It is time to Atlas-shrug off the debt and consumption society, the sooner the better, because otherwise those enmeshed in it will have to do so by default.

Chile, Argentina? No seas timido, queremos saber mas!

If we look ahead 20 or 30 years, it seems likely that the world will be very much poorer. Personal autos may be rare. Electricity may be unreliable.

Sounds like you are describing a standard of living better than the Roaring 20s, when everyone was upbeat and on top of the world.

I am sorry all of these predictions are very downbeat.

People in the past (and people like the Amish today) have been relatively happy and content with less than 1/4 of our possessions. It's all a matter of perspective; people would do well to read, "As A Man Thinketh". I realize that people who are out of work shouldn't be expected to run around laughing, but what is it that really makes a person content?

“Who is rich? He who is content with what he has." -- Talmud, Ethics of the Fathers

Hold on, this isn't correct.

The above picture (the top one) doesn't make sense.

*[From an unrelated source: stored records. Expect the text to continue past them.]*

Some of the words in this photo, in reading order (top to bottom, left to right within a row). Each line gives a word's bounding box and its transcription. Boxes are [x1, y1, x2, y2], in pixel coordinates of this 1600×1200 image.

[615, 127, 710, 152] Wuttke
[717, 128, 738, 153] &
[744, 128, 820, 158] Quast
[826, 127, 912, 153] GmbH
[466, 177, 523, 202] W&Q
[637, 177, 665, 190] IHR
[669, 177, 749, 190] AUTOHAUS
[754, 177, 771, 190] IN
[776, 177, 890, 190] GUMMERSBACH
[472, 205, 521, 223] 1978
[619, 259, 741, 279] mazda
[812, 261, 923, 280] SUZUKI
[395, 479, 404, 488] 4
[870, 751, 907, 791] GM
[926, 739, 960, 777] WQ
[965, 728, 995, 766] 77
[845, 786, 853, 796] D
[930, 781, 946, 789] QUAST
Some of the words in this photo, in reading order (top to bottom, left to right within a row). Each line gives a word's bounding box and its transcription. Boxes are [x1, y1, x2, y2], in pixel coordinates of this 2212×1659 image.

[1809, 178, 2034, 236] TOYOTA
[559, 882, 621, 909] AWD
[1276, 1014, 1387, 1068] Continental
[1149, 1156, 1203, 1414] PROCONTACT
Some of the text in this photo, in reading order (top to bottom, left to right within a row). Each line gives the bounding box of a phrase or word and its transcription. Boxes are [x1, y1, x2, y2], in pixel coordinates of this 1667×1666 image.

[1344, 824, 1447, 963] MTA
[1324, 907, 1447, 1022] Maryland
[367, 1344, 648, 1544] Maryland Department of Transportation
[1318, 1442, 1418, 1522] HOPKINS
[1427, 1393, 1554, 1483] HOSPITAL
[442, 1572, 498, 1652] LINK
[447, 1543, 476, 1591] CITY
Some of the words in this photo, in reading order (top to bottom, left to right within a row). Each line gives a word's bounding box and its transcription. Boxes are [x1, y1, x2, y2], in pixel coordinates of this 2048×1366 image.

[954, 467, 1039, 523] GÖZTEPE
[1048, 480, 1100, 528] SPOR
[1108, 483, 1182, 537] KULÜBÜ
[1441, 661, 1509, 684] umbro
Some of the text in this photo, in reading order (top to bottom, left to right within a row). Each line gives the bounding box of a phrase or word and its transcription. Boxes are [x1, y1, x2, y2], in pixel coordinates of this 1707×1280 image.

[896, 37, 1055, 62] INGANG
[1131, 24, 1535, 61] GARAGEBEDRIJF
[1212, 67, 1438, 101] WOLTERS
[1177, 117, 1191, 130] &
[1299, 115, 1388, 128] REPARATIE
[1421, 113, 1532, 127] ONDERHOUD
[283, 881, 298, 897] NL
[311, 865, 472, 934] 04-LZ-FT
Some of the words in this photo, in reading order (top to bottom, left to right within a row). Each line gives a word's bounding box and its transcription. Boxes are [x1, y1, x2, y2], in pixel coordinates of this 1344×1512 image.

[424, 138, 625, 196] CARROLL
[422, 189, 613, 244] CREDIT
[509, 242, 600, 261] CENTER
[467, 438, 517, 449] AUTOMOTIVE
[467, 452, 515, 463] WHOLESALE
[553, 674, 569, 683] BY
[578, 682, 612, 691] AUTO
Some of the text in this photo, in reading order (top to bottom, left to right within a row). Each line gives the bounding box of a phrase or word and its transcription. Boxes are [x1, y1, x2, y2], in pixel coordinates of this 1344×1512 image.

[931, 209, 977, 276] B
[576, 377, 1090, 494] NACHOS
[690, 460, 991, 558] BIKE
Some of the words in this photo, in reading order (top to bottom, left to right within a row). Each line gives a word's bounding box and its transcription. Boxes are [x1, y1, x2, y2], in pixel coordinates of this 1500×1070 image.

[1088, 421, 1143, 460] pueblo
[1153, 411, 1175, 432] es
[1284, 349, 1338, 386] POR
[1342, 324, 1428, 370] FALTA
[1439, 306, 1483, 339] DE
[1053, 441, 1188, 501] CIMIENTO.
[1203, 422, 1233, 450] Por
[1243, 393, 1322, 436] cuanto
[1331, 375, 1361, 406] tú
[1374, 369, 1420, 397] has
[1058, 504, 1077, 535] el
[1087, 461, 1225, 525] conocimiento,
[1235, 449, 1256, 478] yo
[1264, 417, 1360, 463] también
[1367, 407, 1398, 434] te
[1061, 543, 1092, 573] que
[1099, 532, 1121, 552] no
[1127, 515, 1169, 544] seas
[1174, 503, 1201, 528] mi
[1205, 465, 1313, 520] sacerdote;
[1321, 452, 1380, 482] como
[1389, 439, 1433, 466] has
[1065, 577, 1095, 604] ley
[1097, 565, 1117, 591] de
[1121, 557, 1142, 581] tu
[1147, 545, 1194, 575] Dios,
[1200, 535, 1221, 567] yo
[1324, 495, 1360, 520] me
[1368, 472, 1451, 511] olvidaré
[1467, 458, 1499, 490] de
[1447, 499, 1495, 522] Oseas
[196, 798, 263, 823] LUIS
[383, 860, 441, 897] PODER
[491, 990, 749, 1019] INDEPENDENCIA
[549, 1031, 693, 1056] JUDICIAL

Supply and demand are always in line. Can't be any different. What is indicated in this picture is that demand will grow at 1.8% per year, if oil stays at current price level. Well: it won't. Price of oil will go up, demand will slow.

Is that a problem? Maybe, probably not. High oil prices will force uneconomical behaviour to change. Is that good or bad?

Same people that tell me that 'there is an oil problem' also tell me that an increase in gas tax will be part of the solution. Do you see the disconnect?

It's a pity that *still* oildrum posters don't understand the basic economics. It's a real pity because as long as we keep on sending this disinformation, nothing gets solved.

For comparison: Gas is somewhere around $8/gallon in the Netherlands and no: our society still did not crash. Not even close. No tiny little collaps in a remote area either. Last summer gas wa over $10/gallon and it wasn't even mentioned on the news. Neither at the watercooler or in the newspaper. It really didn't matter much.

Lessons learned: you can live perfectly happy when gas is $8/gallon and I strongly believe that even if gas goes to $20/gallon (which it never will, because by then we would pay all our GDP to oil), life will be just fine.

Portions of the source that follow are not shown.